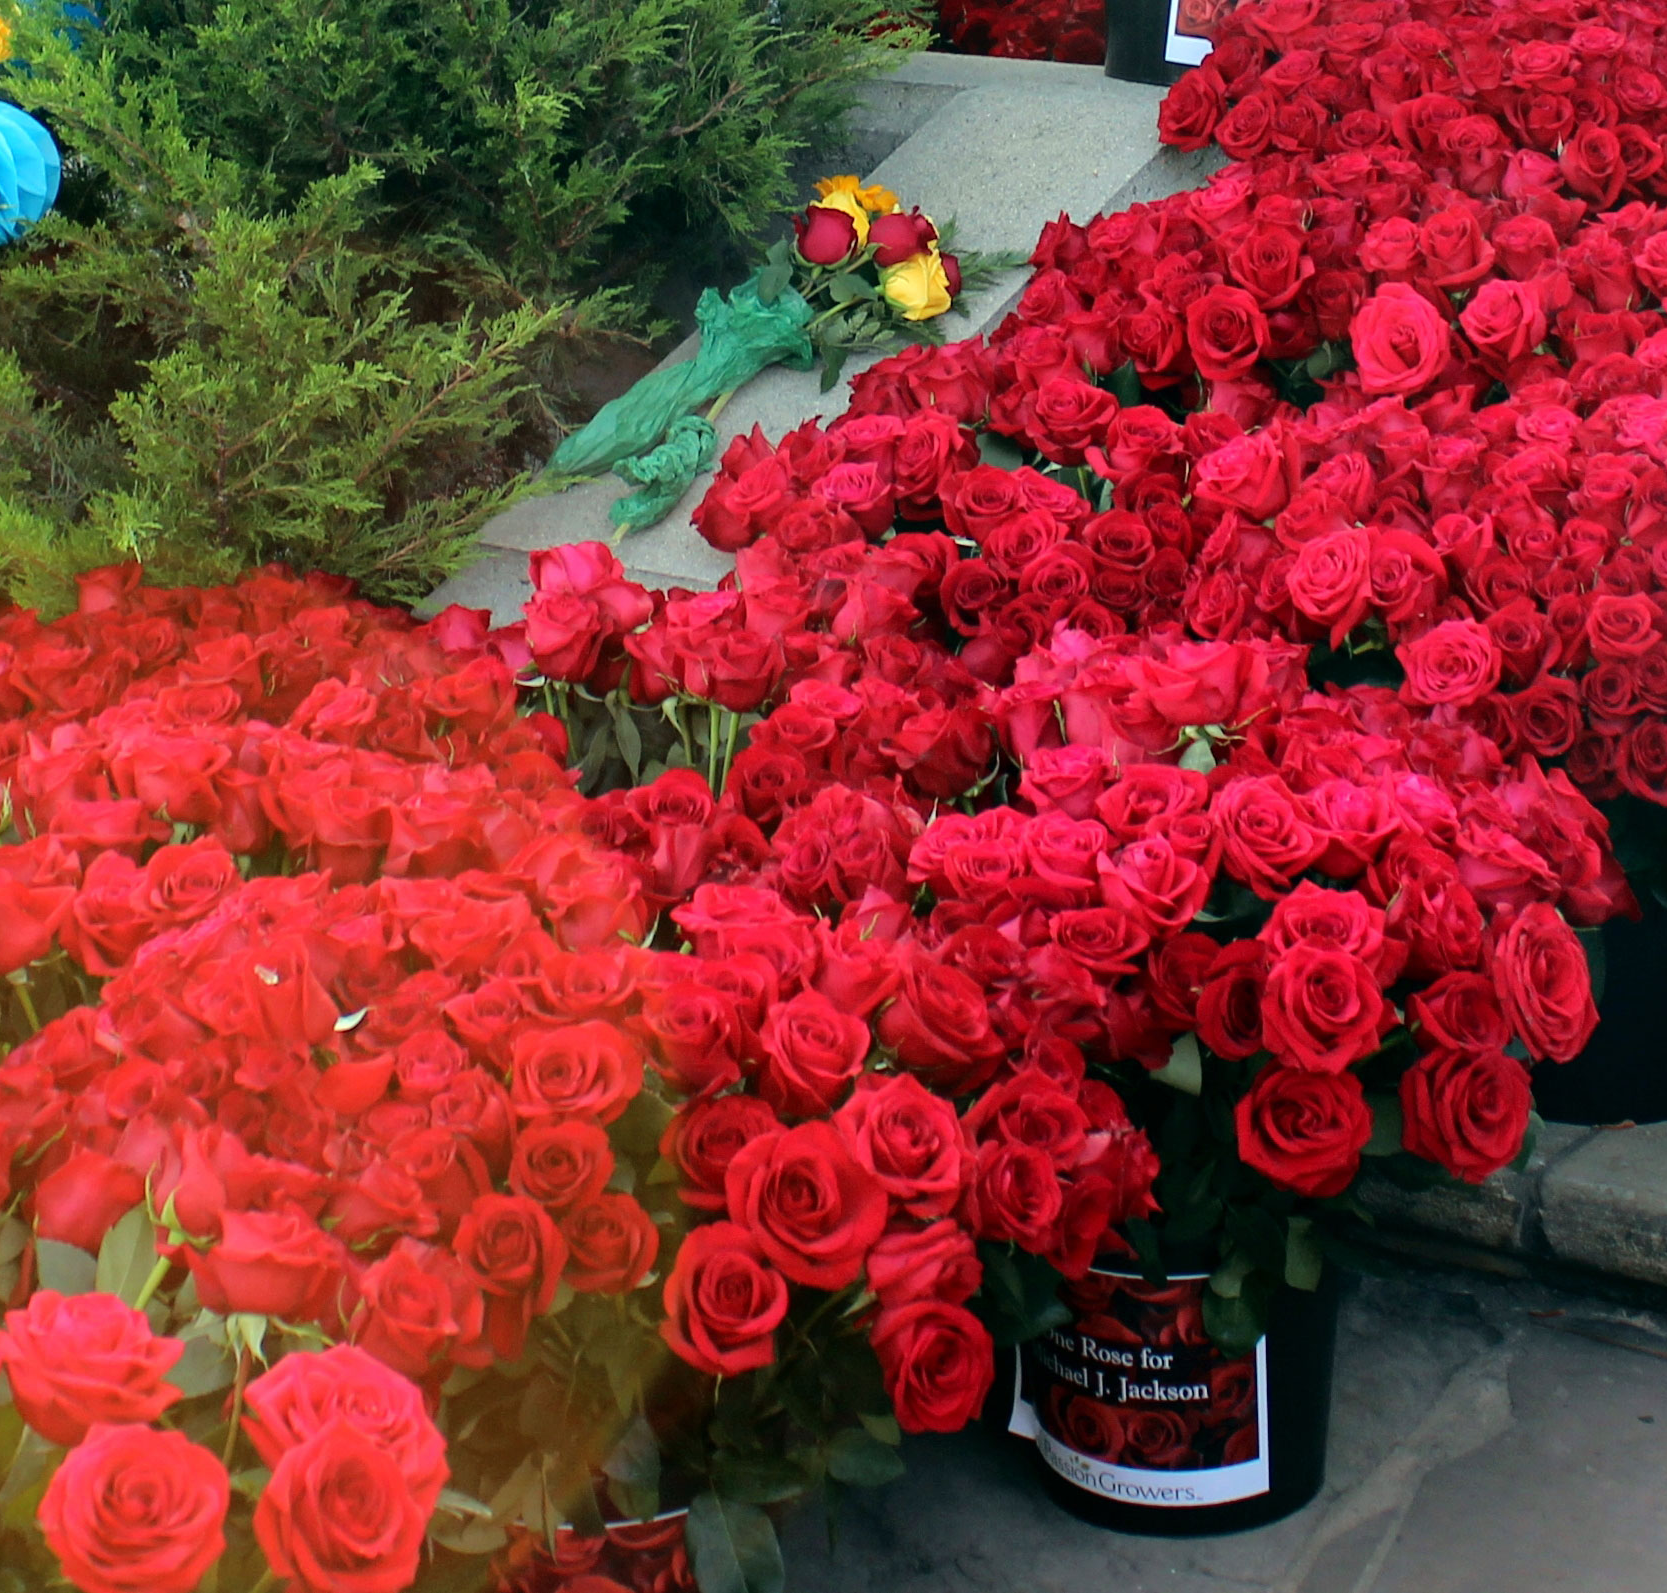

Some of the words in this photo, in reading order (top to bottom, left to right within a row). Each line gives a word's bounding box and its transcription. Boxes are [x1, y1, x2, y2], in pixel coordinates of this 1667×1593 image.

[1081, 1336, 1133, 1367] Rose
[1140, 1347, 1173, 1370] for
[1095, 1371, 1110, 1398] J.
[1118, 1376, 1209, 1403] Jackson

● WHAT TO WORK ON
Go through the listing above and quote it exactly, apart from its images.

● OUTPUT OF THE EXERCISE
Some of the words in this photo, in reading order (top to bottom, left to right within a row). Each line gives a word's bounding box and its transcription. Boxes are [x1, y1, x2, y2], in pixel coordinates of this 1667×1593 image.

[1081, 1336, 1133, 1367] Rose
[1140, 1347, 1173, 1370] for
[1095, 1371, 1110, 1398] J.
[1118, 1376, 1209, 1403] Jackson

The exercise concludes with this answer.